Хелен не просто писала: она работала как сумасшедшая. Одну за другой она выдавала на-гора картины, в которых проверяла новые возможности. Франкенталер не думала о том, что кто-то может их увидеть, как и о том, что этот человек о них подумает. «Я сама знаю, что они собой представляют, — говорила Хелен о своих полотнах, — и это вполне достаточная аудитория»[1960]. Она находилась в том блаженном периоде, когда ее искусство существовало для нее одной. Впрочем, это продлилось недолго. Однажды к женщине заглянул Джонни Майерс: он хотел посмотреть на ее новую квартиру и на то, над чем она работает. Увиденное потрясло галериста до глубины души, и он сразу же попросил Хелен вернуться в «Тибор де Надь»[1961]. Хелен предложение приняла. Ее первоначальное решение покинуть галерею отчасти было обусловлено ее эмоциональным истощением после целого года напряженной работы и прорывов, на которые у другого художника могла бы уйти целая жизнь. А к весне 1954 г. Франкенталер достигла четкого понимания себя самой и своего творческого пути и ощущения независимости. Теперь она была лучше подготовлена к тому, чтобы отстаивать собственные принципы перед коллегами, которые, судя по всему, и сами жаждали снова оказаться в ее обществе. В начале апреля Хелен опять начала общаться с Ларри: после выставки она взяла его скульптуру на хранение в свою мастерскую[1962]. А Грейс еще до возвращения Хелен в «Тибор де Надь» зашла очень далеко, сделав в Клема эпистолярный выстрел, темпераментный даже по ее безумным стандартам. Она написала ему 1 апреля:
Дорогой Клем!
Джон говорит, что попросил Хелен вернуться в галерею. Это повышает возможность нашей встречи на людях, и потому я чувствую, что должна сказать несколько слов о нашей полемике. Мы с Хелен по-настоящему никогда не ссорились. Каждый раз, видя ее, я вспоминаю, как была к ней раньше привязана, и это меня страшно огорчает.
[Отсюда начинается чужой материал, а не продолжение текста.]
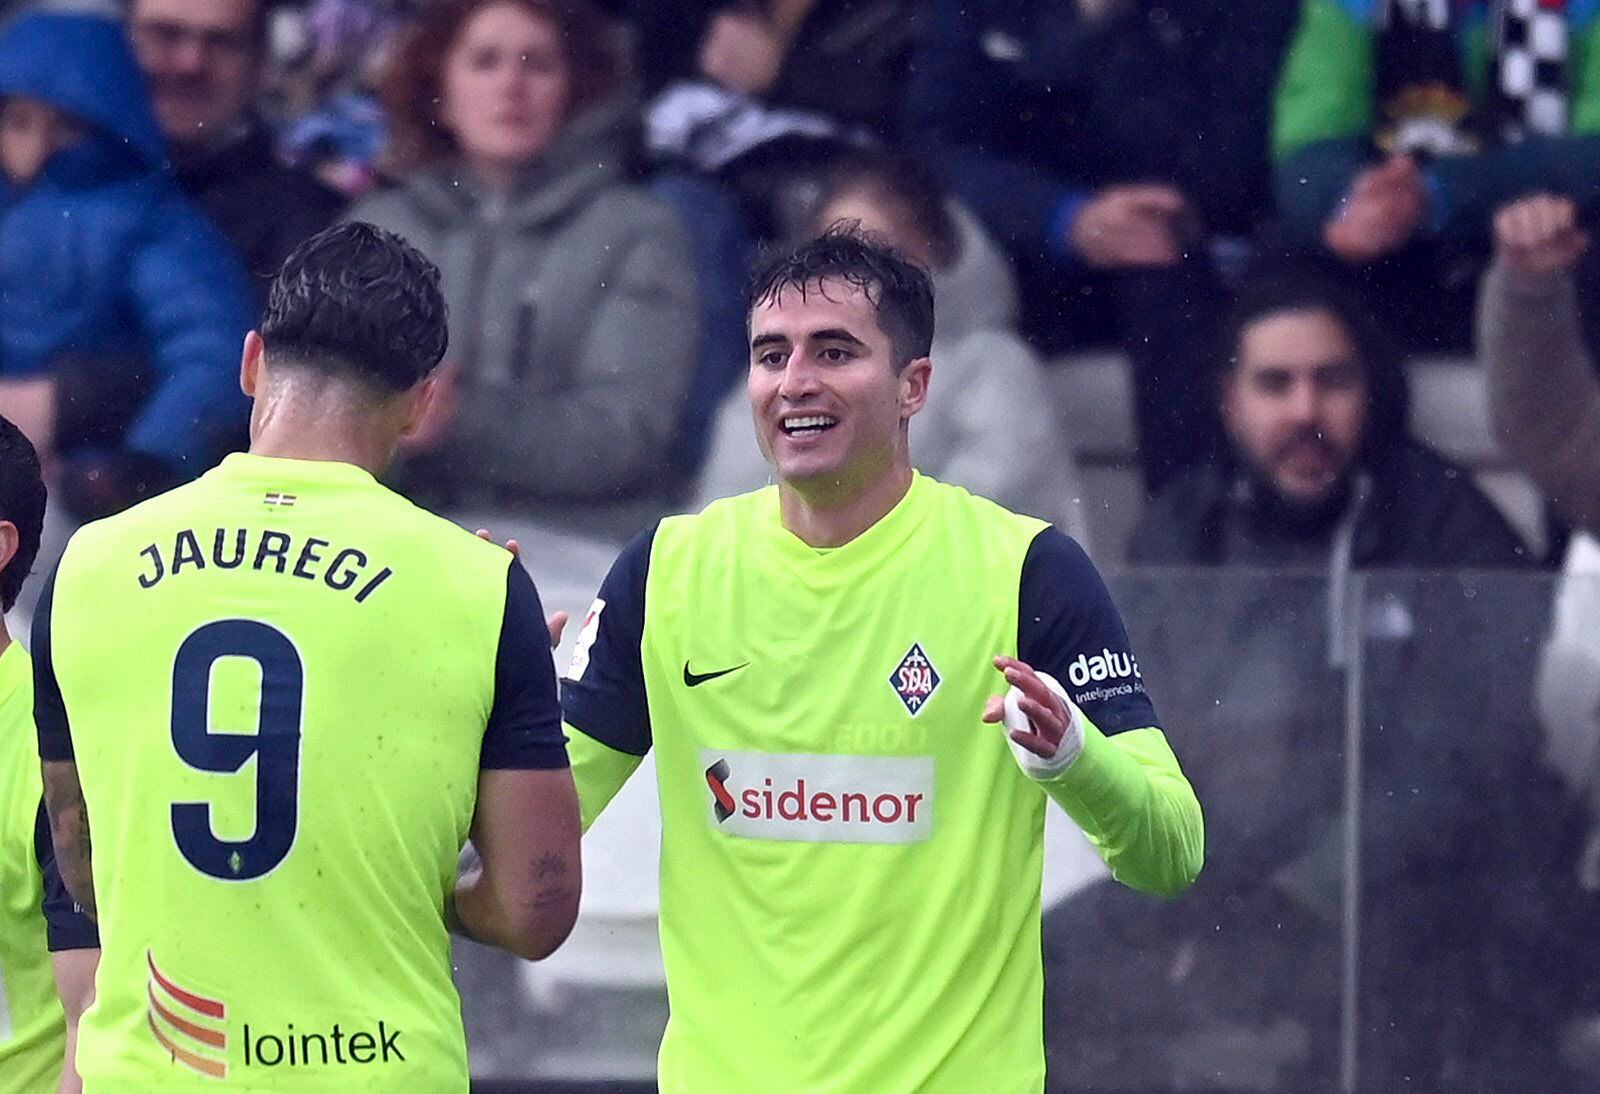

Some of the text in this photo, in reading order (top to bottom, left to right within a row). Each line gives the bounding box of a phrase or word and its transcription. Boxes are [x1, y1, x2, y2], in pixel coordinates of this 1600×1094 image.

[137, 527, 393, 604] JAUREGI
[1075, 683, 1133, 704] Inteligencia
[170, 618, 304, 881] 9
[741, 777, 925, 823] sidenor
[243, 1020, 406, 1067] lointek
По общему признанию мое отношение к тебе выходит далеко за рамки интеллектуального несогласия. Я питала к тебе и к твоим суждениям необоснованное уважение. Добавим сюда и всевозможные проблемы и осложнения, которые всегда существуют в отношениях между мужчиной и женщиной. Но, отлично понимая все это, должна сказать тебе еще кое-что.
Думаю, в своих обсуждениях меня и моих картин ты всегда вел себя вопиюще безответственно. Ты должен знать, что твои комментарии доходили и доходят до меня и что я в беспомощном раздражении не раз слышала, что я, по-твоему, «даже не художник»…
Что бы ты ни думал о моем творчестве, ты должен уважать мою серьезность и мои старания. Когда художник выставляет свои работы, за ними стоит вся его жизнь. А ты просто трус, потому что подкрепляешь свои слова только другими словами. А болтовня — это еще не критика.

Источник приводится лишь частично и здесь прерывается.